As a number of fentanyl analogs demonstrate substantial crossreactivity for the fentanyl antibody on enzyme-linked immunosorbent assay (ELISA) (9, 10), acetyl fentanyl has been detected
by routine fentanyl screening tests (1). A liquid chromatography – mass spectrometry (LC – MS) confirmation procedure
has been described and utilized for the analysis of urine concentrations following intravenous acetyl fentanyl administration
to rats (11).
In this report, for the first time, postmortem concentrations
are described for peripheral blood, central blood, liver, vitreous
humor and urine in a death certified solely to acetyl fentanyl. An
analytical procedure was developed by minor modification of a
gas chromatography –mass spectrometry (GC – MS) specific ion
monitoring (SIM) method for fentanyl analysis (12).
Methods
Case report
A 24-year-old man (height 67 inches and weight 152 pounds)

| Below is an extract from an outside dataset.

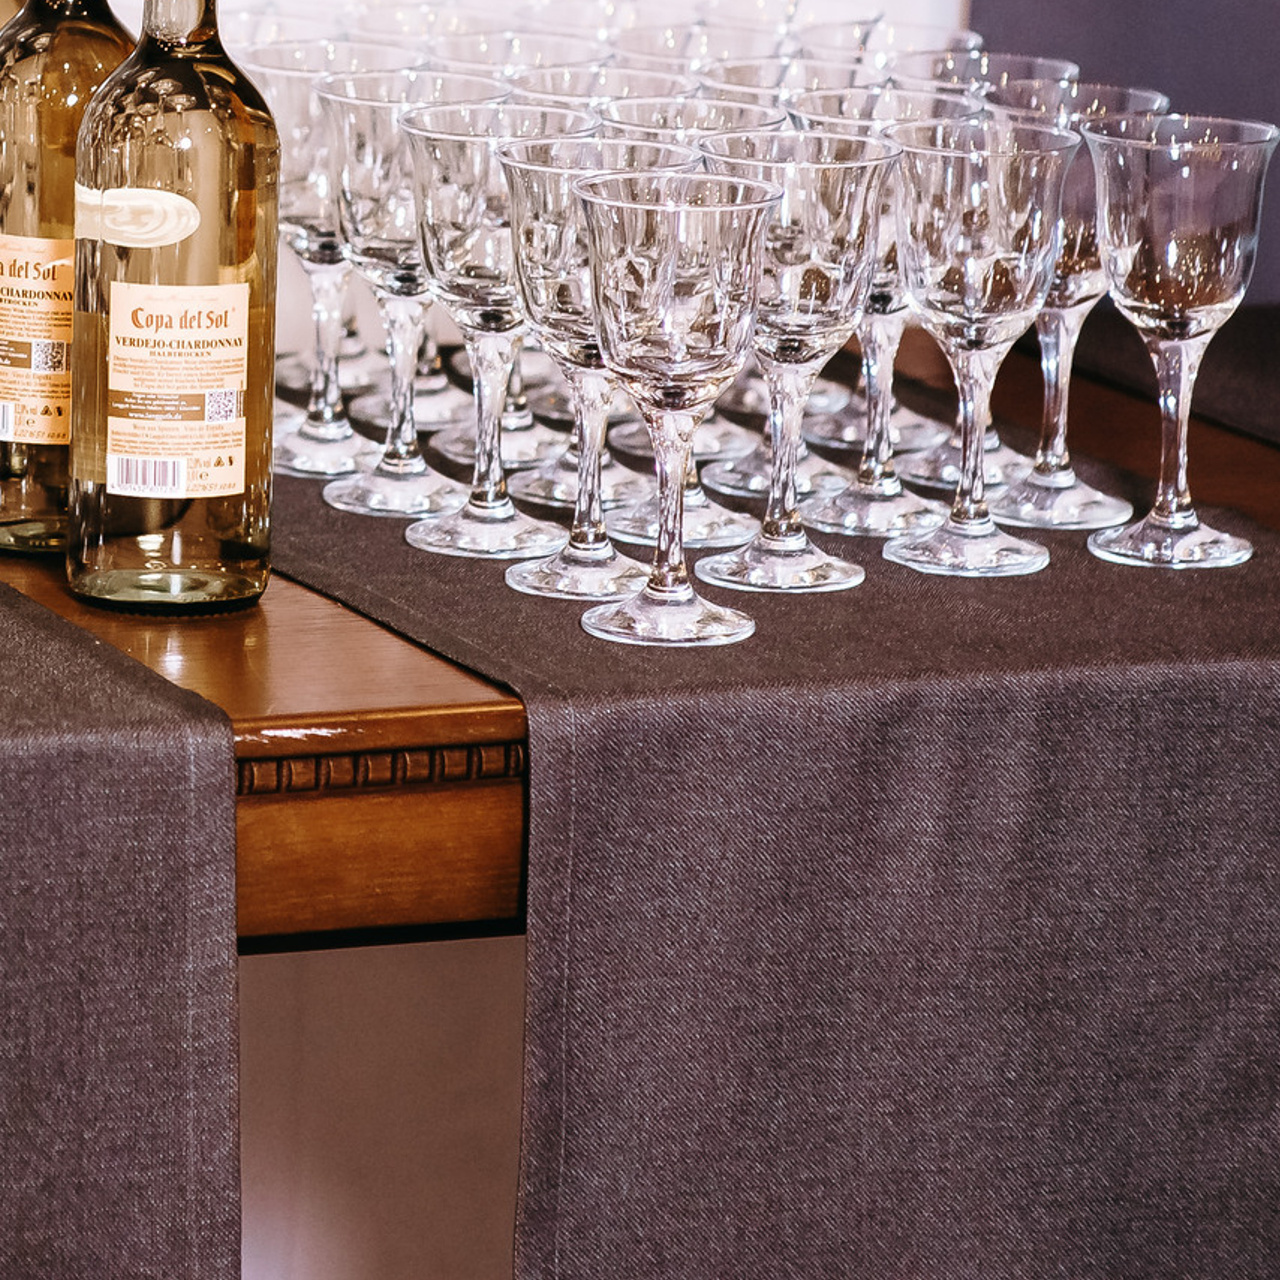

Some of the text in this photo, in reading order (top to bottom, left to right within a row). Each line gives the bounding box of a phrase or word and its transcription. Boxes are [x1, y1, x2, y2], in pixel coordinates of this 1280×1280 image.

[9, 259, 29, 279] del
[32, 262, 58, 281] Sol
[131, 307, 229, 334] Copa del Sol
[115, 336, 243, 349] VERDEJO-CHARDONNAY

lived at and was the assistant manager of a sober living residence
in San Diego. He was visiting his parents’ home for a weekend
visit. His parents last saw him at 2030 h on 29 November 2014
when he left to go visit friends. He returned home at an unknown
time during the night. At approximately 0850 hours on the
morning of 30 November 2014, his mother found him unresponsive behind the closed bedroom closet door with an uncapped
syringe with a bent needle, syringe cap and rubber tourniquet.

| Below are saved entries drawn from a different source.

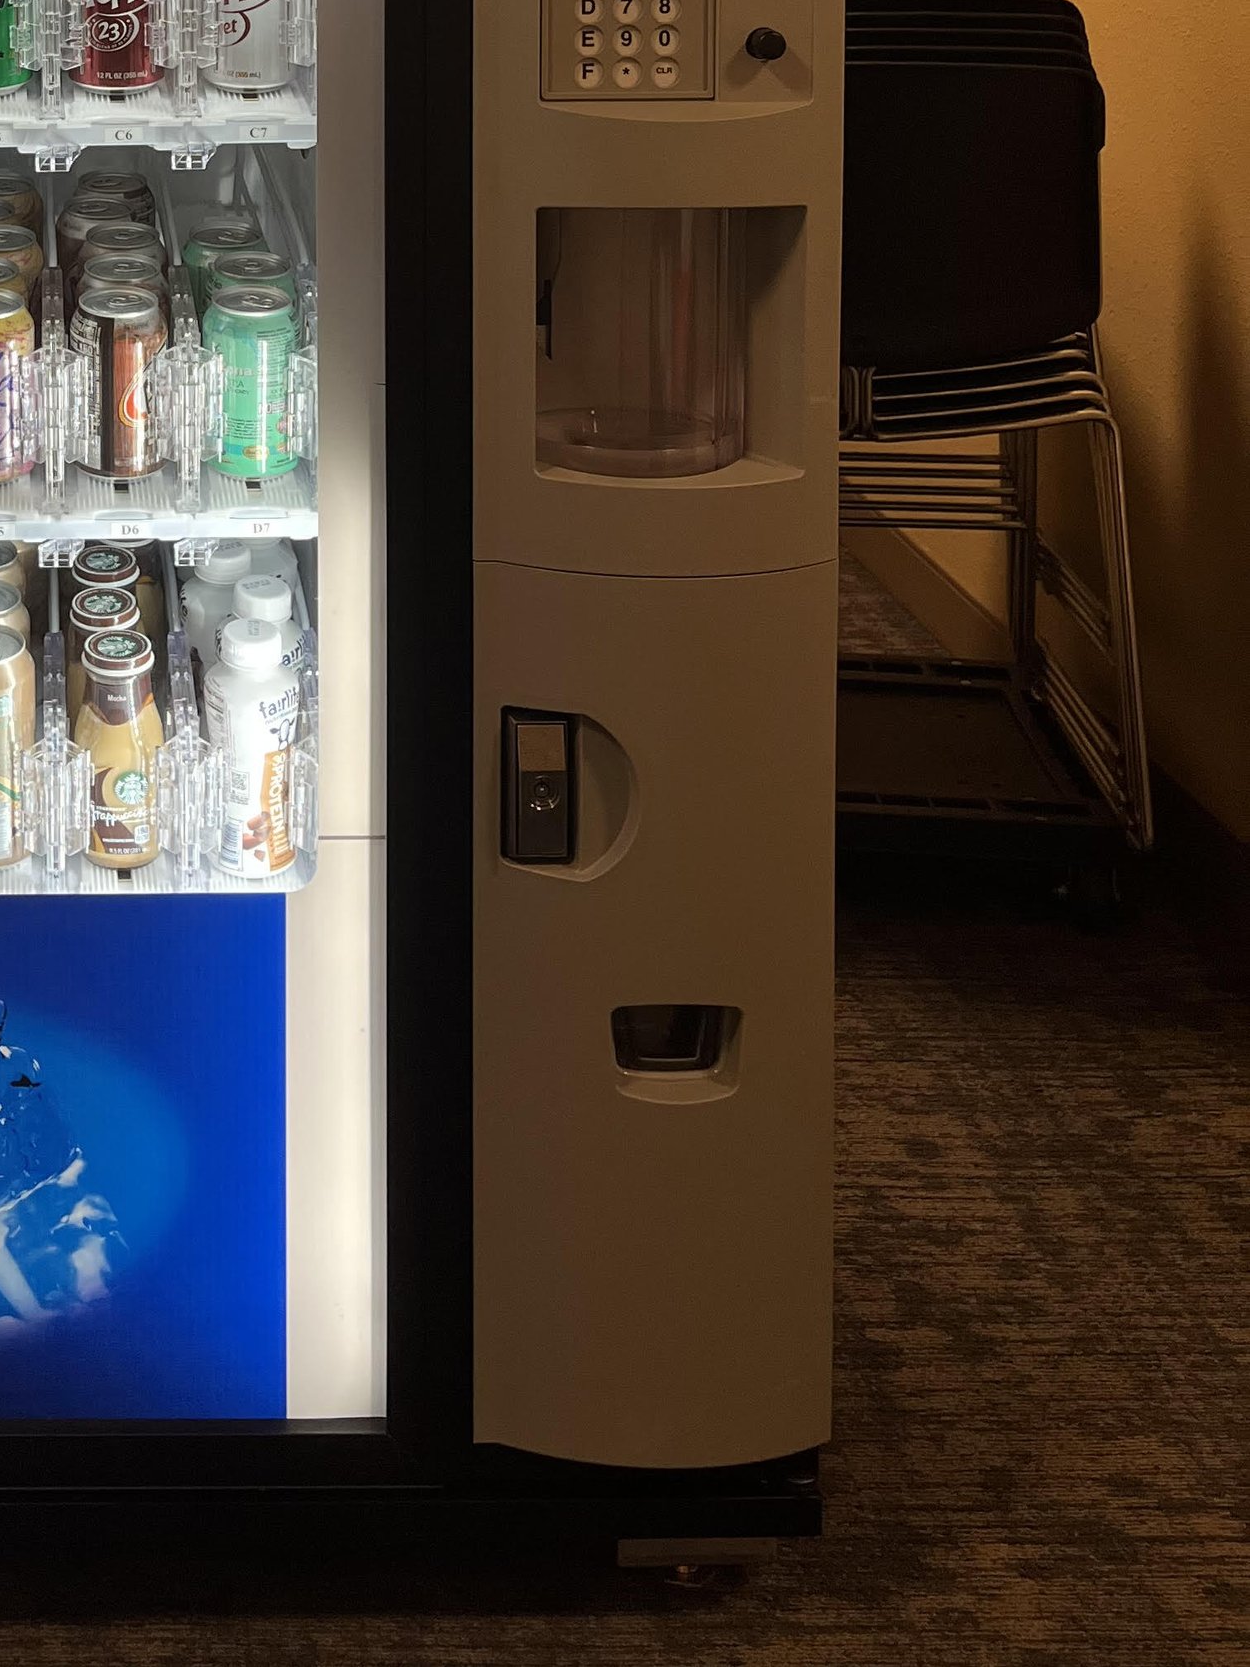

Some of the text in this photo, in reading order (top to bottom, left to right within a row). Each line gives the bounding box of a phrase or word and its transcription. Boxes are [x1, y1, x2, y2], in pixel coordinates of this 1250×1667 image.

[98, 21, 120, 42] 23
[581, 30, 595, 47] E
[620, 30, 632, 47] 9
[658, 30, 671, 47] 0
[96, 72, 104, 80] 12
[104, 72, 112, 80] FL
[113, 72, 122, 80] OZ
[582, 63, 595, 80] F
[655, 66, 673, 74] CLR
[114, 129, 133, 141] C6
[249, 126, 268, 139] C7
[121, 523, 140, 536] D6
[252, 522, 270, 534] D7
[107, 694, 127, 702] Mocha
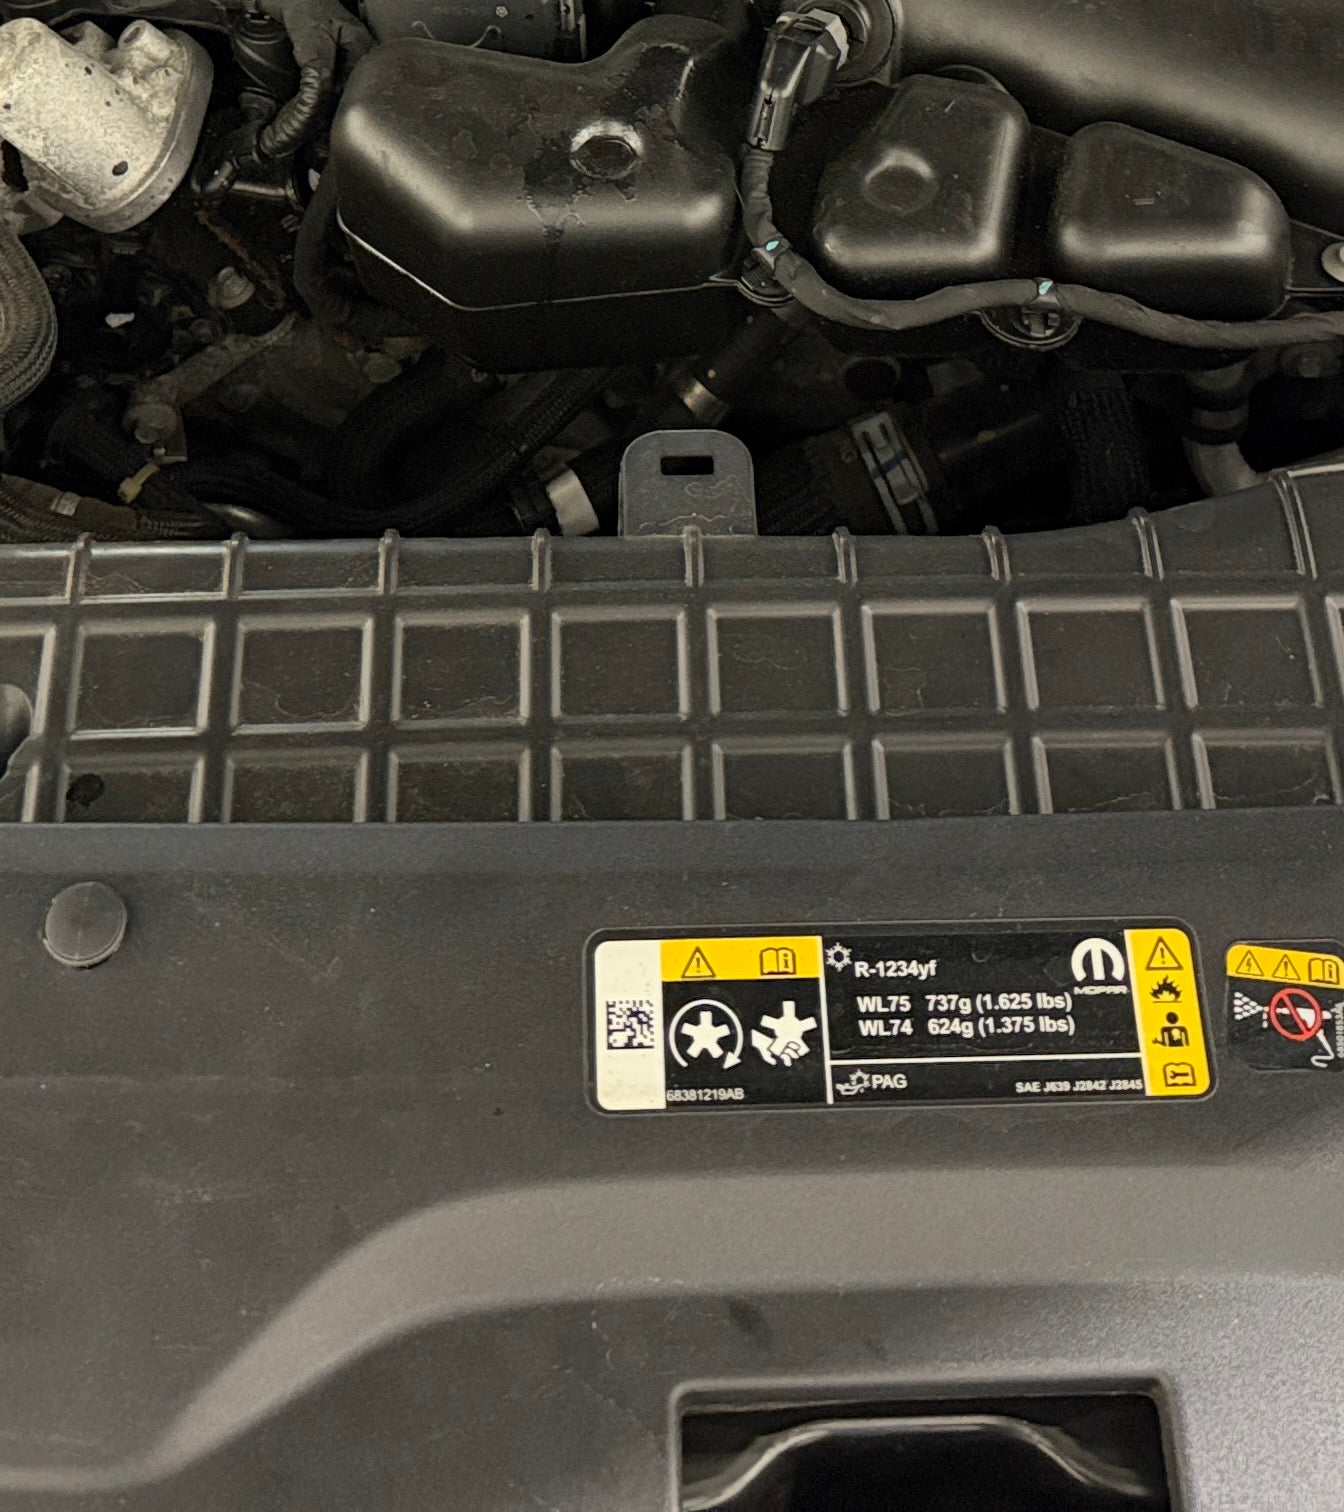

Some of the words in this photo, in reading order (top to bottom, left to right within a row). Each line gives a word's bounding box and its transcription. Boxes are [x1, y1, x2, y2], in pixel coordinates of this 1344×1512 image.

[854, 959, 938, 981] R-1234yf
[1073, 985, 1128, 996] MOPAR
[857, 995, 912, 1013] WL75
[924, 994, 973, 1015] 737g
[975, 993, 1033, 1014] (1.625
[1036, 992, 1073, 1013] lbs)
[858, 1018, 914, 1037] WL74
[927, 1017, 975, 1039] 624g
[977, 1017, 1036, 1038] (1.375
[1039, 1015, 1076, 1036] lbs)
[871, 1074, 908, 1090] PAG
[1015, 1081, 1041, 1094] SAE
[666, 1087, 745, 1102] 68381219AB

Emergency 9-1-1 was called, and he was declared dead at the
scene. The syringe was collected as evidence. He had a history
of ‘potential’ heroin abuse. He had previously overdosed twice
in the closet at home with what was believed to be heroin.

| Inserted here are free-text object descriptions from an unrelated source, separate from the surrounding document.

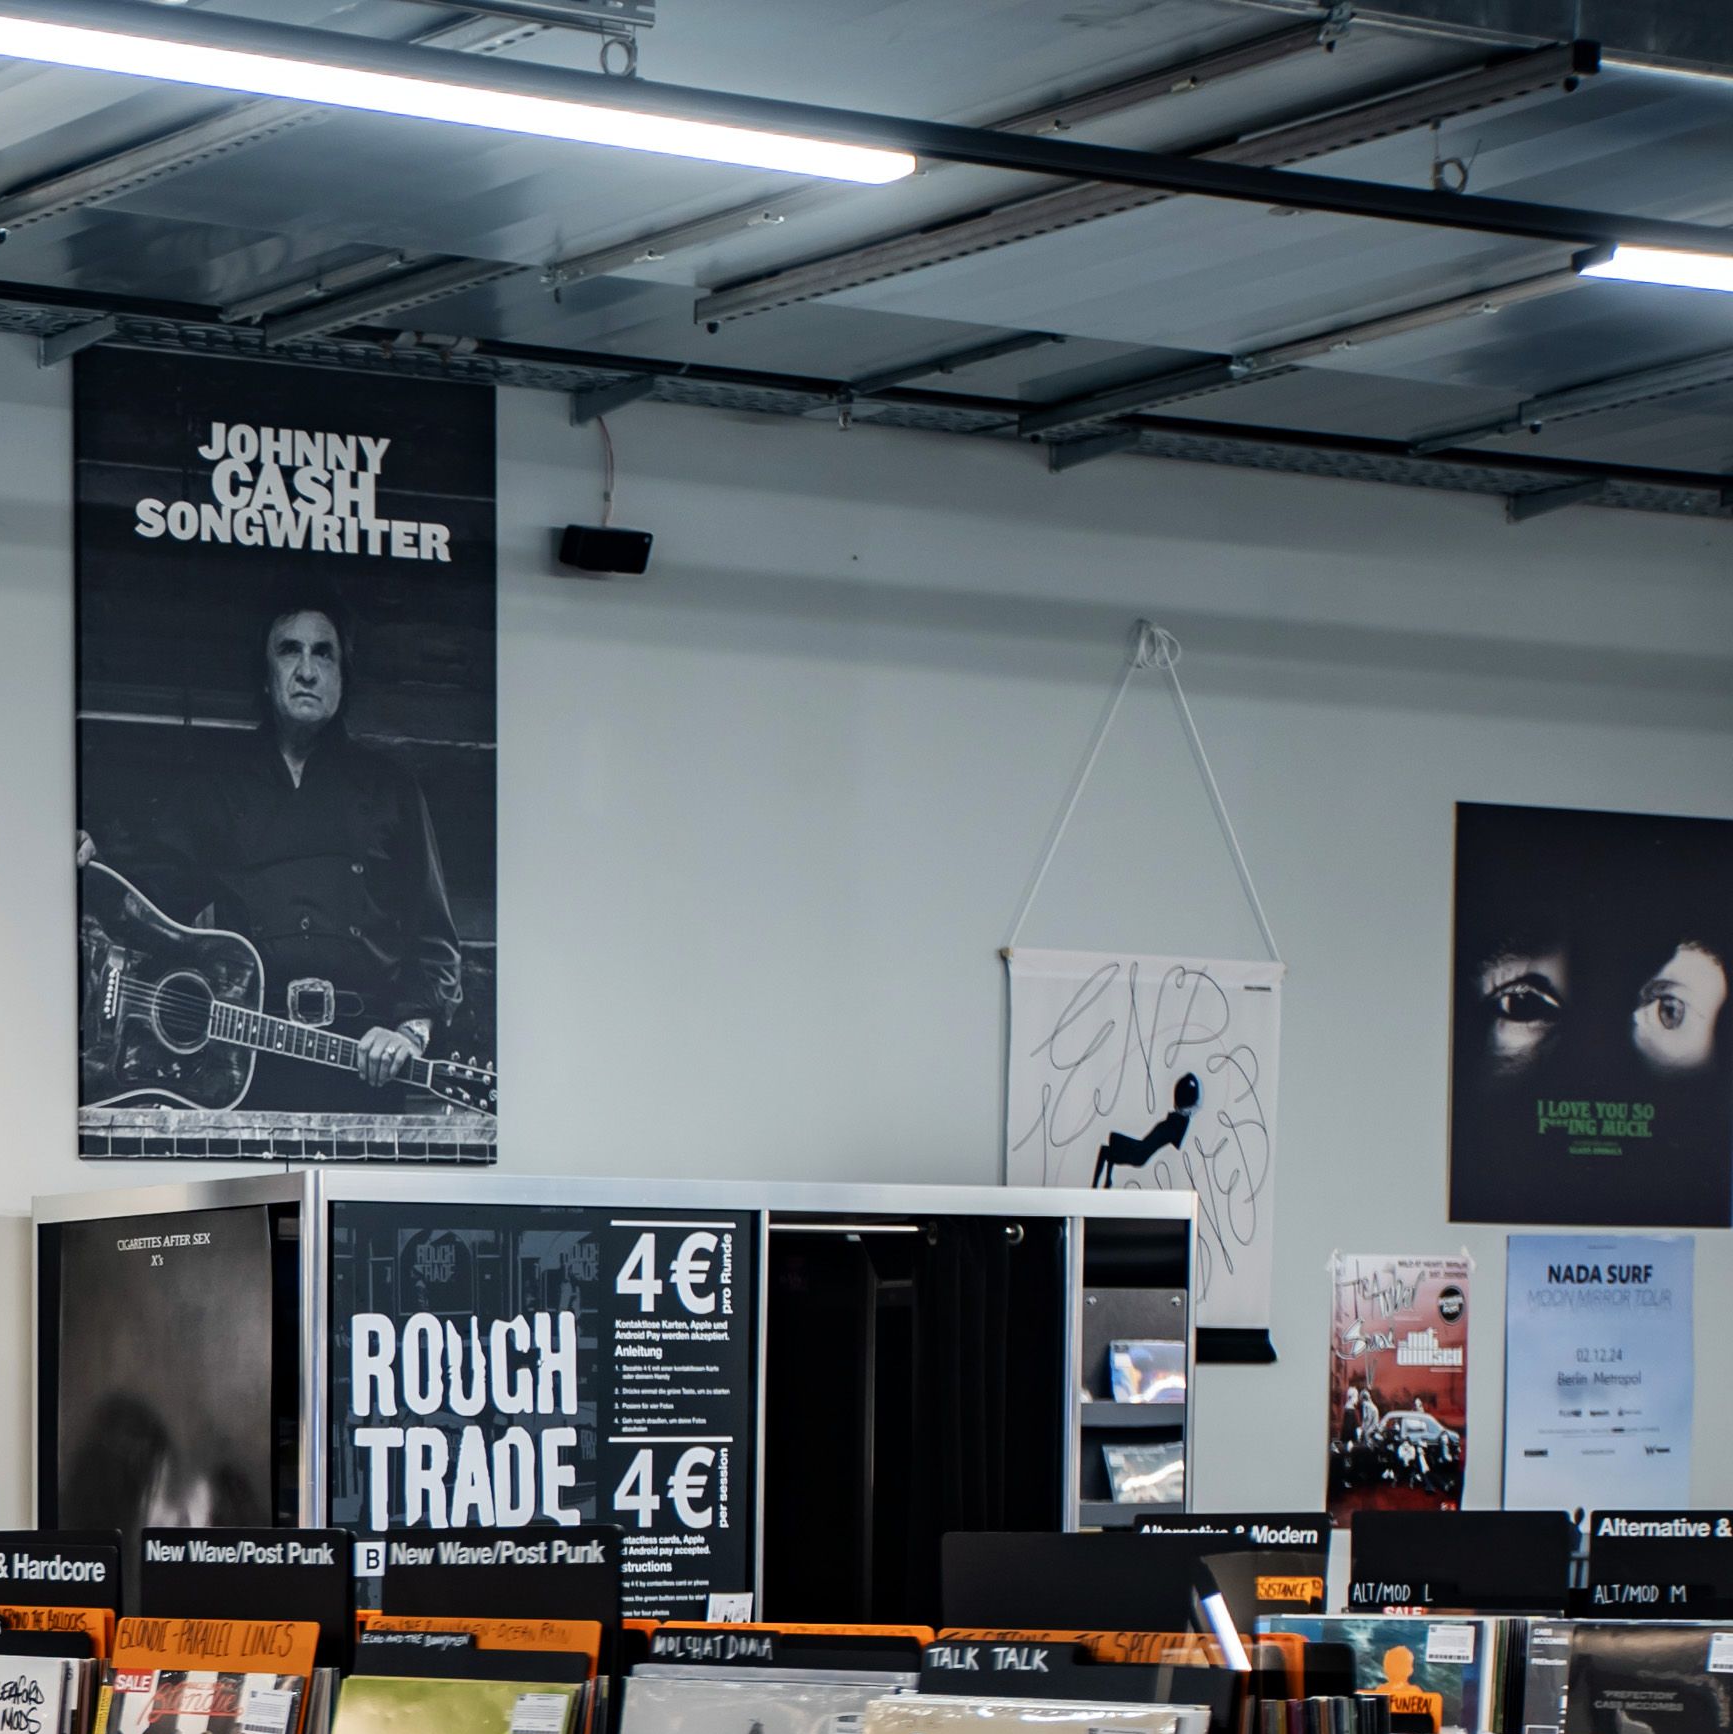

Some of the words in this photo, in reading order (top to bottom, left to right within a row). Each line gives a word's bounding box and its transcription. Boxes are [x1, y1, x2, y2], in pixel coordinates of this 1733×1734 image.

[198, 420, 391, 477] JOHNNY
[211, 458, 377, 526] CASH
[135, 498, 452, 563] SONGWRITER
[1538, 1100, 1544, 1116] I
[1549, 1101, 1589, 1117] LOVE
[1596, 1103, 1627, 1118] YOU
[1633, 1104, 1654, 1119] SO
[117, 1236, 161, 1252] CIGARETTES
[163, 1234, 190, 1249] AFTER
[194, 1232, 211, 1245] SEX
[720, 1233, 733, 1284] Runde
[1548, 1264, 1601, 1283] NADA
[1608, 1264, 1653, 1283] SURF
[351, 1310, 578, 1417] ROUGH
[615, 1345, 663, 1359] Anleitung
[1576, 1349, 1622, 1362] 02.12.24
[1557, 1372, 1587, 1386] Berlin
[1594, 1372, 1642, 1387] Metropol
[354, 1425, 581, 1532] TRADE
[718, 1448, 729, 1501] session
[1253, 1525, 1318, 1545] Modern
[1598, 1518, 1711, 1538] Alternative
[1715, 1518, 1732, 1537] &
[146, 1539, 184, 1563] New
[186, 1541, 285, 1565] Wave/Post
[288, 1543, 334, 1565] Punk
[365, 1547, 382, 1569] B
[390, 1541, 431, 1566] New
[434, 1542, 548, 1567] Wave/Post
[553, 1540, 605, 1564] Punk
[12, 1555, 106, 1582] Hardcore
[1353, 1583, 1411, 1601] ALT/MOD
[1422, 1583, 1433, 1601] L
[1595, 1585, 1659, 1603] ALT/MOD
[929, 1647, 979, 1670] TALK
[993, 1648, 1049, 1672] TALK
[115, 1672, 151, 1692] SALE
[1, 1707, 42, 1734] MODS

A complete autopsy was conducted on 1 December 2014 at
0945 h, approximately 25 h after he was found, and documented
three apparent recent punctures in the left forearm and antecubital
fossa. The lungs were edematous and congested (right 610 g and
left 580 g). Microscopically, the lungs and a left arm vein contained
small amounts of foreign material consistent with chronic/prior intravenous drug abuse. There were no other significant findings.
Postmortem specimen collection
All specimens analyzed were collected at autopsy at the San
Diego County Medical Examiner’s Office. Peripheral blood
(20 mL) was drawn from the left common iliac vein (blood returning from the leg and visually identified in the pelvis at autopsy) and stored in standard glass tubes containing sodium fluoride
(100 mg) and potassium oxalate (20 mg). Central blood was collected directly from the heart and placed in identical tubes.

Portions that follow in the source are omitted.